Introduction: Cardiomegaly- induced dysphagia, also known as Dysphagia Megalatiensis had been previously reported to be secondary to Left Atrial enlargement. We are reporting an uncommon case where the dysphagia was induced by Left Ventricular enlargement. Case Description/Methods: The patient is a 59-year-old female with a past medical history of heart failure with reduced ejection fraction (EF) of 30%, who presented to the outpatient clinic with 3 months duration of dysphagia to solids and liquids. Her symptoms had started a few years prior to presentation and had worsened significantly in the past 3 months. She complained of regurgitation of undigested food associated with intermittent heartburn, not alleviated by antacids. Review of systems (ROS) was positive for recent lower extremity edema unremarkable otherwise.
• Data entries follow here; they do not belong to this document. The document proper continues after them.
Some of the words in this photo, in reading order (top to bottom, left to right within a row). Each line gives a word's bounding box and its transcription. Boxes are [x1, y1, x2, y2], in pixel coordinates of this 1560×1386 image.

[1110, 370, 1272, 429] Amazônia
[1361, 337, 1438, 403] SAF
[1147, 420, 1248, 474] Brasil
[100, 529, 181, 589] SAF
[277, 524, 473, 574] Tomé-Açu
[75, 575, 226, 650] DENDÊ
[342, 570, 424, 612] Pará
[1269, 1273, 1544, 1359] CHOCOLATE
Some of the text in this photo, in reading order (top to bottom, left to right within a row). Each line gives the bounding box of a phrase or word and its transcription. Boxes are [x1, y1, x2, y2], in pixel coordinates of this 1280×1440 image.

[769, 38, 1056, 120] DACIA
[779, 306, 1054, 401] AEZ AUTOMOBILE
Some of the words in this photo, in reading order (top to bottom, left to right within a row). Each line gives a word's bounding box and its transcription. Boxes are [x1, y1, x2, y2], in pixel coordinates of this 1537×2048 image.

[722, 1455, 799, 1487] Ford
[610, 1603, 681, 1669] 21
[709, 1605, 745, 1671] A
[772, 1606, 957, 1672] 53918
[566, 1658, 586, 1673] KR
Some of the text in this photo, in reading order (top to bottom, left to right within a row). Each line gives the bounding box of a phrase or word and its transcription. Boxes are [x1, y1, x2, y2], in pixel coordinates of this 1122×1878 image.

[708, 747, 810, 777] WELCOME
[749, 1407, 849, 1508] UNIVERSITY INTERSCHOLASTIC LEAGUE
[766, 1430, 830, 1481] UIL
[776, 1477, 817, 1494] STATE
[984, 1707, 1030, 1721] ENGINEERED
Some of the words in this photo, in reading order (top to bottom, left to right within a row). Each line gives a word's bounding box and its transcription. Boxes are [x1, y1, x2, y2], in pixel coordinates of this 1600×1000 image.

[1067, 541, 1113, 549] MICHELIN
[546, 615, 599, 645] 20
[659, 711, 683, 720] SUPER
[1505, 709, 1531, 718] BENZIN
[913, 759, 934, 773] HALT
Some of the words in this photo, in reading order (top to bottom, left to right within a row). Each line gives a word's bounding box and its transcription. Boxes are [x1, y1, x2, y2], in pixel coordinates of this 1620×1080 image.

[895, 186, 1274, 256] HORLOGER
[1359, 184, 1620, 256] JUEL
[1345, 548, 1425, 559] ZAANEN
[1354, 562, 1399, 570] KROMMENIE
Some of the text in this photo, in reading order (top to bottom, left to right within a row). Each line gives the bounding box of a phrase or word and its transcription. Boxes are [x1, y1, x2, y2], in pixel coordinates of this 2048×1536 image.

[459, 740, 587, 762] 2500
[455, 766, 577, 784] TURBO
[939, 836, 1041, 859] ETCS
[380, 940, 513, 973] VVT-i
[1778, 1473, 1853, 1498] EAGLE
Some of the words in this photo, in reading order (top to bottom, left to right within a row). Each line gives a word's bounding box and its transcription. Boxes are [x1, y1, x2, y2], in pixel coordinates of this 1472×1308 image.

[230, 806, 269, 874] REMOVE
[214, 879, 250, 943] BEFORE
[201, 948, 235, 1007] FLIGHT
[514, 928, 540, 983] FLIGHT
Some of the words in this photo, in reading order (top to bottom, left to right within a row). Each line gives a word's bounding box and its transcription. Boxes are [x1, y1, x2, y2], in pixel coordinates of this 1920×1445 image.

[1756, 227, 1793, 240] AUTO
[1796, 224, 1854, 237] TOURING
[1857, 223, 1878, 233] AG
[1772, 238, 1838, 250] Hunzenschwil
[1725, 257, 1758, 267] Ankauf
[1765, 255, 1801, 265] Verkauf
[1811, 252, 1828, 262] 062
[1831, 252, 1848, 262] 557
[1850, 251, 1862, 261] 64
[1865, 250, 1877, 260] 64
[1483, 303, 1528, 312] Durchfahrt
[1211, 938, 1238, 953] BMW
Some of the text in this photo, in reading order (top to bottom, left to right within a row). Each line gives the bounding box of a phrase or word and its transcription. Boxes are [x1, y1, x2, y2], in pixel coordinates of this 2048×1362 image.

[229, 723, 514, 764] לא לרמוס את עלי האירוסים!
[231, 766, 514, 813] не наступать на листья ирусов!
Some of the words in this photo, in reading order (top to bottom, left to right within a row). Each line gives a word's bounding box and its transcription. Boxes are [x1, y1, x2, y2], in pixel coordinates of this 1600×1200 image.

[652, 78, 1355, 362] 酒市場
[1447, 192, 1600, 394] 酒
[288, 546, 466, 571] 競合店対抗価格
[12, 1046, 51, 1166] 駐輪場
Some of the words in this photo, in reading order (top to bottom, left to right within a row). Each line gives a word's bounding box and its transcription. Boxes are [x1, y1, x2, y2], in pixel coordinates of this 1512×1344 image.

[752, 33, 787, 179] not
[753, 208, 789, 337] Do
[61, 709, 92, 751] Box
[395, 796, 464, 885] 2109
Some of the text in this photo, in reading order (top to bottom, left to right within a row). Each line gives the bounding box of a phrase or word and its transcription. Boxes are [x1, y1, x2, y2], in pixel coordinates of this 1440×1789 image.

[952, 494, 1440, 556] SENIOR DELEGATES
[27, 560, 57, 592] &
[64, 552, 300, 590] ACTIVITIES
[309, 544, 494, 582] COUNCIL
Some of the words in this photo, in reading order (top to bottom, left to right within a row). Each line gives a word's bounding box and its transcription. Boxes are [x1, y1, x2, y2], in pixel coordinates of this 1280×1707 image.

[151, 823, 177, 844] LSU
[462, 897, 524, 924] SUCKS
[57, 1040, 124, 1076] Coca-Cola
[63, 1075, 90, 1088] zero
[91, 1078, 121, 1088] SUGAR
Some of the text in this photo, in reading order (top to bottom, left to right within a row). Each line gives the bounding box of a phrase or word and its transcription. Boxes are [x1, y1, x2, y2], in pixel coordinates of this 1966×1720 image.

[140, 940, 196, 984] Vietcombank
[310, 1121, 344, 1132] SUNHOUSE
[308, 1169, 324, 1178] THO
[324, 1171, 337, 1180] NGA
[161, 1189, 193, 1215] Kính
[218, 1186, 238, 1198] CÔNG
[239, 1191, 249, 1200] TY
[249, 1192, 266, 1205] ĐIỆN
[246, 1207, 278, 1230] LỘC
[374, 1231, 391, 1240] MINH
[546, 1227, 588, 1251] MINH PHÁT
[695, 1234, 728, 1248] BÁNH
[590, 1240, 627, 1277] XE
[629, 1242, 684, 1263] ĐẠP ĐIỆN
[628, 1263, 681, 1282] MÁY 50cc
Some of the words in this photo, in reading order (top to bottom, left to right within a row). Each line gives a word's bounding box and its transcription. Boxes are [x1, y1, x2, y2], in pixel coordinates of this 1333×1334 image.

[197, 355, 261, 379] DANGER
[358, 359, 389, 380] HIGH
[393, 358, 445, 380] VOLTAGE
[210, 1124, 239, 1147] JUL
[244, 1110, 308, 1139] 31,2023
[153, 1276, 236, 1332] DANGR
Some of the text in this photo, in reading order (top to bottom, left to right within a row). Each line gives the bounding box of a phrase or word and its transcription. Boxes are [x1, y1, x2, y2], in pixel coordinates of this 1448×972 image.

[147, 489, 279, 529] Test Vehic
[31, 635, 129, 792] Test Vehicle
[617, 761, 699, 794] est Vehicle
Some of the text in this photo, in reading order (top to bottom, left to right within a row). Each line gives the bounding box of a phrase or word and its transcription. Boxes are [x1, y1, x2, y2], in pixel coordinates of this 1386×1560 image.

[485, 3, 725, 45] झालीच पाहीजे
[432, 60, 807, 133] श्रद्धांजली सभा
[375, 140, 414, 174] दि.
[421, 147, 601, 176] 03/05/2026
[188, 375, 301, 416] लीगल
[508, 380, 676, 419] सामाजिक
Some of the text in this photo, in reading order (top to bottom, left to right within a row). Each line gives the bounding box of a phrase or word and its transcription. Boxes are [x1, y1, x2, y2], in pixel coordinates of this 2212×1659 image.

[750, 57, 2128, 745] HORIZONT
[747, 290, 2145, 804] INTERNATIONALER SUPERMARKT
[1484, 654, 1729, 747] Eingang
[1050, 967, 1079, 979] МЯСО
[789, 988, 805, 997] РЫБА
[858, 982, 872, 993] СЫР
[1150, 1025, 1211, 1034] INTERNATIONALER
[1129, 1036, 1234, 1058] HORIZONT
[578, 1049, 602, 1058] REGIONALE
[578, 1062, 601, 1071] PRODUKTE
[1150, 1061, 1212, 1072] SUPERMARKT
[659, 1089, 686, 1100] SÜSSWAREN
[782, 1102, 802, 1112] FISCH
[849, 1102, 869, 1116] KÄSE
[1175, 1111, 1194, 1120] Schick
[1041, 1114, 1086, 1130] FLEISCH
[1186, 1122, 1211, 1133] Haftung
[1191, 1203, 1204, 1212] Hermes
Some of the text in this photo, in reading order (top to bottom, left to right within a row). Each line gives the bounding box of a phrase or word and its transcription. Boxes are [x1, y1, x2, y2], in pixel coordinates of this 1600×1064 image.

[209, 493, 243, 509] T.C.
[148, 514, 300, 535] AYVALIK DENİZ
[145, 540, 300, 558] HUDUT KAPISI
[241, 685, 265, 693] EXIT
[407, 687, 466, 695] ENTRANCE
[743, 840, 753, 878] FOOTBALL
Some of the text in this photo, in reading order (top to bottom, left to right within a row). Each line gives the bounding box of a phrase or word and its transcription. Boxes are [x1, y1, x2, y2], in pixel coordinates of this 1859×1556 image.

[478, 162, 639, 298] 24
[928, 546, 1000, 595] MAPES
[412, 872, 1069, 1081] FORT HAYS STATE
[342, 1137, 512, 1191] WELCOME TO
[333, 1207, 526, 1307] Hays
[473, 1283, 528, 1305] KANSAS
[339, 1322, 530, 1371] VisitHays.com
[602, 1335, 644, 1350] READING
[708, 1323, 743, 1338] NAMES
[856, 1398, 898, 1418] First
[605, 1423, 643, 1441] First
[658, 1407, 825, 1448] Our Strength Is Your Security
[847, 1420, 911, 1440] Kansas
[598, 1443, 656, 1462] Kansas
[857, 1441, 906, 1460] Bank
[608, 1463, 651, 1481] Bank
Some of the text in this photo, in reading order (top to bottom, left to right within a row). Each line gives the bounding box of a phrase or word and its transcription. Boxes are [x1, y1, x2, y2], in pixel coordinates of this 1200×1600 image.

Laboratory workup was negative for anemia with normal biochemical and liver function tests. The patient was vitally stable with a physical remarkable for mild pitting edema of bilateral lower extremities with a normal abdominal exam. Barium esophagogram revealed narrowing of the lower esophagus and delay of barium emptying. Esophagogastroduodenoscopy showed an extrinsic compression in the mid esophageal area, with narrowed esophageal lumen of 25-30 cm from the incisors in the absence of fixed structures or strictures. Transthoracic echocardiogram (TTE) followed by nuclear medicine cardiac perfusion stress test diagnosed severe left ventricular dilatation with an EF of 25% highlighting this left ventricular dilatation as the primary etiology for this patient’s dysphagia (Figure). Discussion: This case highlights that achalasia could be the presentation of cardiomegaly and that left ventricular dilatation is a legitimate etiology that should always be considered in an outpatient setting. Dysphagia Megalatiensis is often a challenging diagnosis but when pretest probability is high a cardiac workup is warranted.Figure 1.: Mid-esophageal external compressor.